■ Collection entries
————
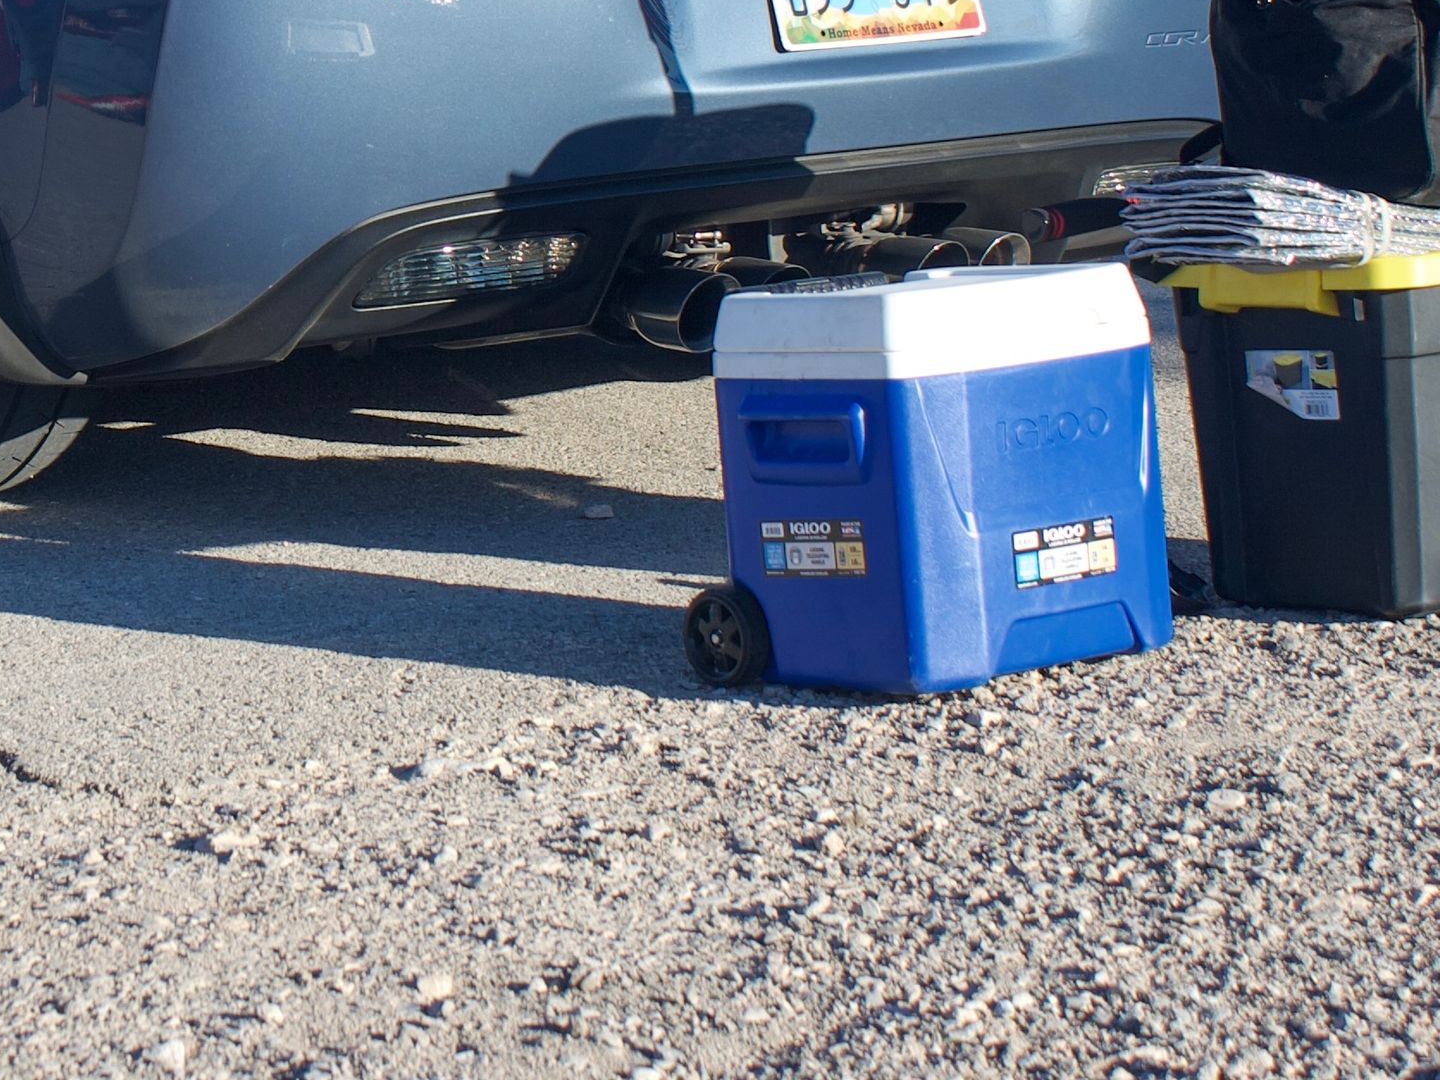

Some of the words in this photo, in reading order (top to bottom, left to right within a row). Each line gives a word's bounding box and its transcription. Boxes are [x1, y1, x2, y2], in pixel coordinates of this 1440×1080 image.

[828, 28, 859, 39] Home
[863, 26, 896, 37] Means
[898, 22, 937, 34] Nevada
[996, 406, 1110, 454] IGLOO
[789, 522, 831, 535] IGLOO
[1043, 524, 1086, 542] IGLOO
————
■ WHAT IS NEEDED
We ask that the entries above be copied exactly, with the pictures omitted.

■ COMPLETED TASK
Some of the words in this photo, in reading order (top to bottom, left to right within a row). Each line gives a word's bounding box and its transcription. Boxes are [x1, y1, x2, y2], in pixel coordinates of this 1440×1080 image.

[828, 28, 859, 39] Home
[863, 26, 896, 37] Means
[898, 22, 937, 34] Nevada
[996, 406, 1110, 454] IGLOO
[789, 522, 831, 535] IGLOO
[1043, 524, 1086, 542] IGLOO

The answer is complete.